## Solutions to exam 2019-04-25 in TSTE85 Low Power Electronics

1.

a) *Transition strategies* aim at solving the problem when a component should be switched between different modes.

*Load-change strategies* aim at modifying the functionality of a component so it can be in low-power modes more often.

Adaptation strategies aim at modifying the software to novel, power-saving uses of components.
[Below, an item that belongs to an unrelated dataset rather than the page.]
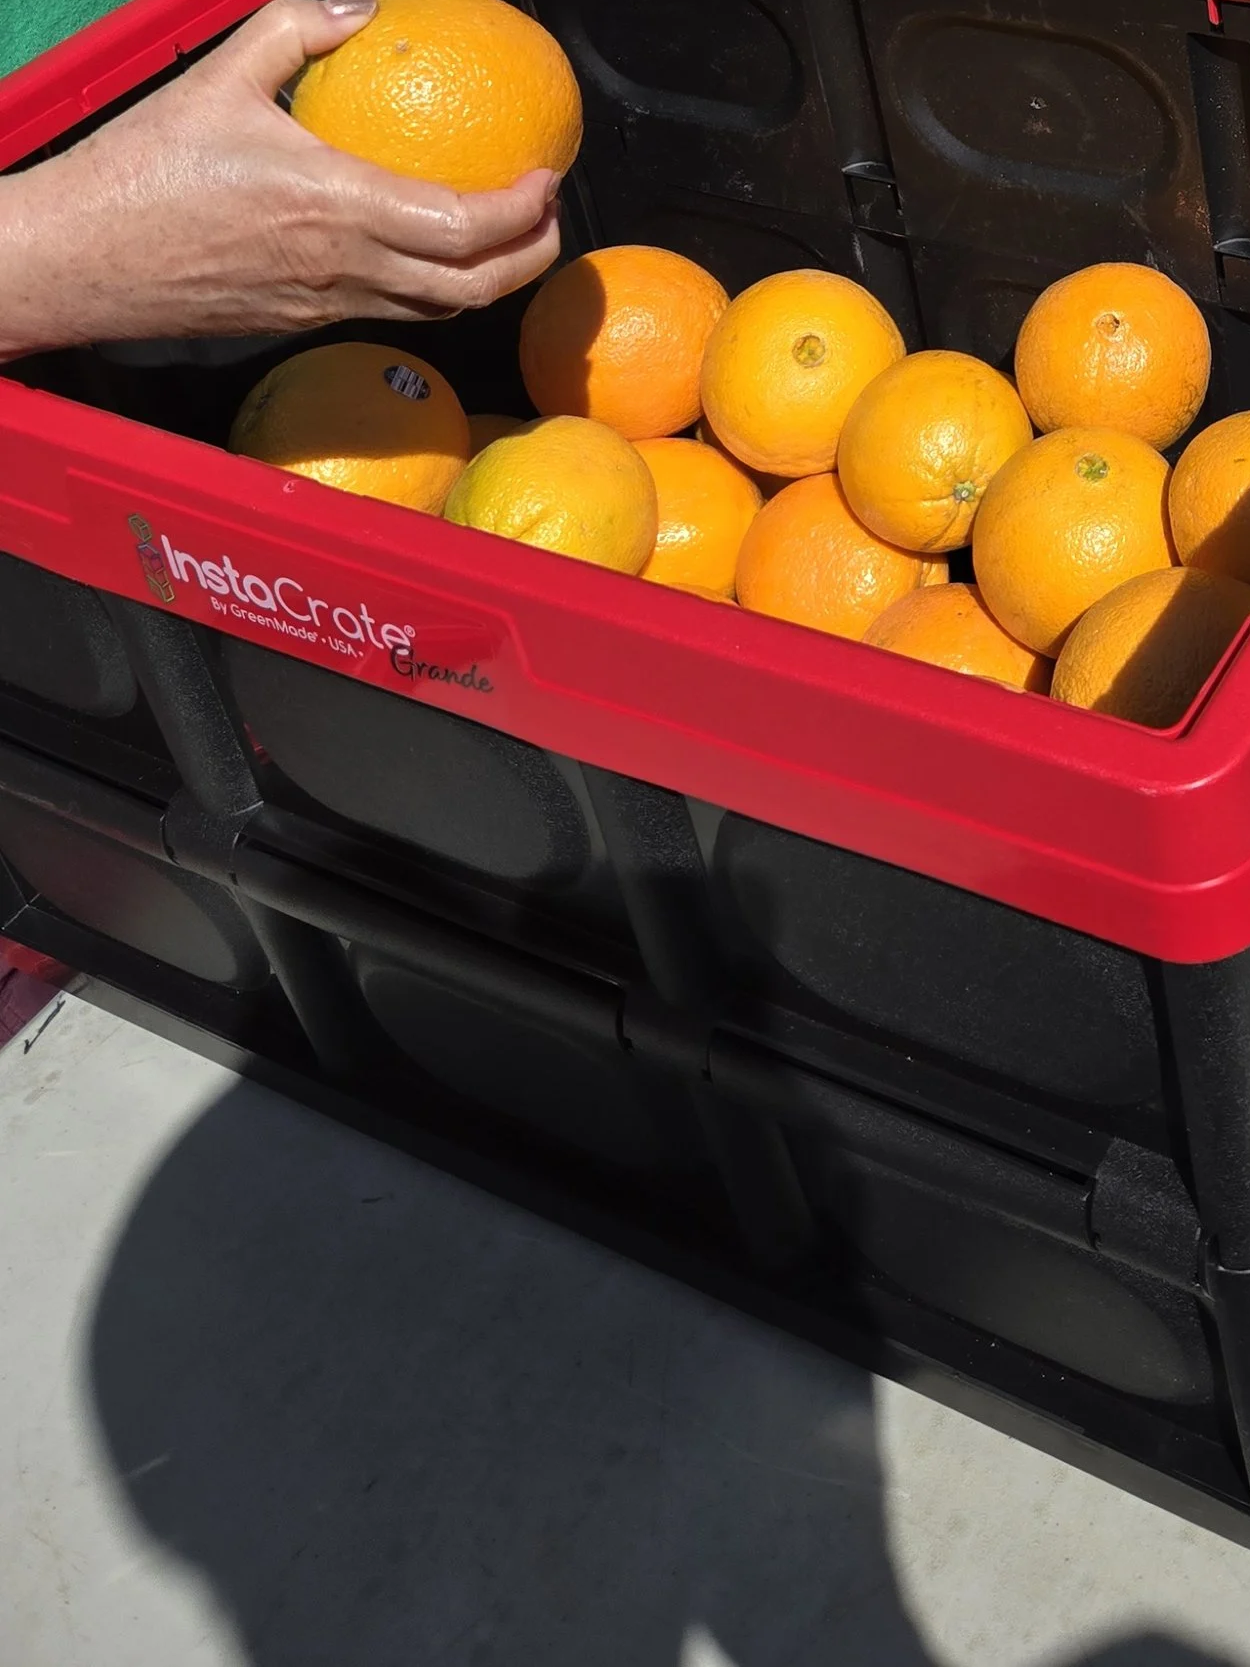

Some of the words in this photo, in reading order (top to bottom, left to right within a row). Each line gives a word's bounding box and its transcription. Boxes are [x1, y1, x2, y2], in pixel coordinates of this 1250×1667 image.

[210, 596, 227, 615] By
[328, 636, 358, 658] USA
[390, 645, 493, 694] Grande
- b) Use sleep modes, select an architecture with few high frequency devices, amplify signals early in the signal chain, see if special techniques like companding or divide-and-conquer can be applied.
- c) There is no power wasted in driving the extra stray capacitance of the pad, package, and board.
- d) Dynamic power consumption

When a digital circuit is switching, parasitic capacitances are charged or discharged. The charging and discharging consume energy which is dissipated in the NMOS net when a node is pulled down, and in the PMOS net when a node is pulled up. The dynamic power consumption is in proportion to the switching activity, the parasitic capacitance and the square of the power supply voltage.

## Short circuit current

Considering that the rise and fall times of the digital nodes are finite, PMOS and NMOS transistors are simultaneously conducting when the input voltage are in between the threshold voltages of the MOSFETs. Hence, a short circuit current is produced. The power consumption is dependent on the rise and fall time of the input signals, the power supply voltage and the current voltage characteristics of the transistors.

## Static leakage current

Even in a static state, the digital circuits consumes power. This is due to that the transistors have leakage currents in the off state. When a digital node is high there is a leakage current through the NMOS net, and when a node is low there is a leakage current through the PMOS net.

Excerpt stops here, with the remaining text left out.